[Stored data entries]

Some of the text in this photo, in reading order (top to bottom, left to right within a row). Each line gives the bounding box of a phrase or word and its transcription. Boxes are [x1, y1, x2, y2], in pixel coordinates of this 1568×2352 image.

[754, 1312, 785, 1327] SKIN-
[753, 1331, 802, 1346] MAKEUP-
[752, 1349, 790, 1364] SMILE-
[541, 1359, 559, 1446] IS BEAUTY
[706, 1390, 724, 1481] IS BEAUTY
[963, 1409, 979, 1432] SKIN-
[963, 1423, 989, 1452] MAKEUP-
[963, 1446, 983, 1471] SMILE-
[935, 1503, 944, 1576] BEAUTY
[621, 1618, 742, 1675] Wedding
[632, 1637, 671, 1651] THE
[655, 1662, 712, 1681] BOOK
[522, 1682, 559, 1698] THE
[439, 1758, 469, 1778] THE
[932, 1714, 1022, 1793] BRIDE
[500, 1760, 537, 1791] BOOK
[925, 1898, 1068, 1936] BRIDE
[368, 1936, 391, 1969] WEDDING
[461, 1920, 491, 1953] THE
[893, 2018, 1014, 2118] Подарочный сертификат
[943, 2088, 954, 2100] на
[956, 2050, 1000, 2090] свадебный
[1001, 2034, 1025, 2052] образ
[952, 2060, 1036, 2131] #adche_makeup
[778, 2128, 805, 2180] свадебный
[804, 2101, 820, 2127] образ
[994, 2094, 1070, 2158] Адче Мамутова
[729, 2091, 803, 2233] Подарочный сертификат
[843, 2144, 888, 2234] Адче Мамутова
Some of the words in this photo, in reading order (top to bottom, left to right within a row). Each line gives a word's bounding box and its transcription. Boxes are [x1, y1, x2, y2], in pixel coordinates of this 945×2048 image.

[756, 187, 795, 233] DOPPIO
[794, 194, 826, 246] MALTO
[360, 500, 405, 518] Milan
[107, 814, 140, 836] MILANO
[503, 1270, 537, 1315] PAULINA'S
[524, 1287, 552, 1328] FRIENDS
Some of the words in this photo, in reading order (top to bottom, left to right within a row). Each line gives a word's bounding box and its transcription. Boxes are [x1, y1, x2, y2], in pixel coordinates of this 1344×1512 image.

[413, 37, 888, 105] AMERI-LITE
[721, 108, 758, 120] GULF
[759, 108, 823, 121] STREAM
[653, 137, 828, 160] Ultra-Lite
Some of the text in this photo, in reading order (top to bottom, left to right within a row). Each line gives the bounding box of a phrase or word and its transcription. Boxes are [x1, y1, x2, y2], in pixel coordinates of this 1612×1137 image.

**Exercise goal**. Reproduce every record word for word.

**Expected answer**.
Some of the text in this photo, in reading order (top to bottom, left to right within a row). Each line gives the bounding box of a phrase or word and its transcription. Boxes are [x1, y1, x2, y2], in pixel coordinates of this 1568×2352 image.

[754, 1312, 785, 1327] SKIN-
[753, 1331, 802, 1346] MAKEUP-
[752, 1349, 790, 1364] SMILE-
[541, 1359, 559, 1446] IS BEAUTY
[706, 1390, 724, 1481] IS BEAUTY
[963, 1409, 979, 1432] SKIN-
[963, 1423, 989, 1452] MAKEUP-
[963, 1446, 983, 1471] SMILE-
[935, 1503, 944, 1576] BEAUTY
[621, 1618, 742, 1675] Wedding
[632, 1637, 671, 1651] THE
[655, 1662, 712, 1681] BOOK
[522, 1682, 559, 1698] THE
[439, 1758, 469, 1778] THE
[932, 1714, 1022, 1793] BRIDE
[500, 1760, 537, 1791] BOOK
[925, 1898, 1068, 1936] BRIDE
[368, 1936, 391, 1969] WEDDING
[461, 1920, 491, 1953] THE
[893, 2018, 1014, 2118] Подарочный сертификат
[943, 2088, 954, 2100] на
[956, 2050, 1000, 2090] свадебный
[1001, 2034, 1025, 2052] образ
[952, 2060, 1036, 2131] #adche_makeup
[778, 2128, 805, 2180] свадебный
[804, 2101, 820, 2127] образ
[994, 2094, 1070, 2158] Адче Мамутова
[729, 2091, 803, 2233] Подарочный сертификат
[843, 2144, 888, 2234] Адче Мамутова
Some of the words in this photo, in reading order (top to bottom, left to right within a row). Each line gives a word's bounding box and its transcription. Boxes are [x1, y1, x2, y2], in pixel coordinates of this 945×2048 image.

[756, 187, 795, 233] DOPPIO
[794, 194, 826, 246] MALTO
[360, 500, 405, 518] Milan
[107, 814, 140, 836] MILANO
[503, 1270, 537, 1315] PAULINA'S
[524, 1287, 552, 1328] FRIENDS
Some of the words in this photo, in reading order (top to bottom, left to right within a row). Each line gives a word's bounding box and its transcription. Boxes are [x1, y1, x2, y2], in pixel coordinates of this 1344×1512 image.

[413, 37, 888, 105] AMERI-LITE
[721, 108, 758, 120] GULF
[759, 108, 823, 121] STREAM
[653, 137, 828, 160] Ultra-Lite
Some of the text in this photo, in reading order (top to bottom, left to right within a row). Each line gives the bounding box of a phrase or word and its transcription. Boxes are [x1, y1, x2, y2], in pixel coordinates of this 1612×1137 image.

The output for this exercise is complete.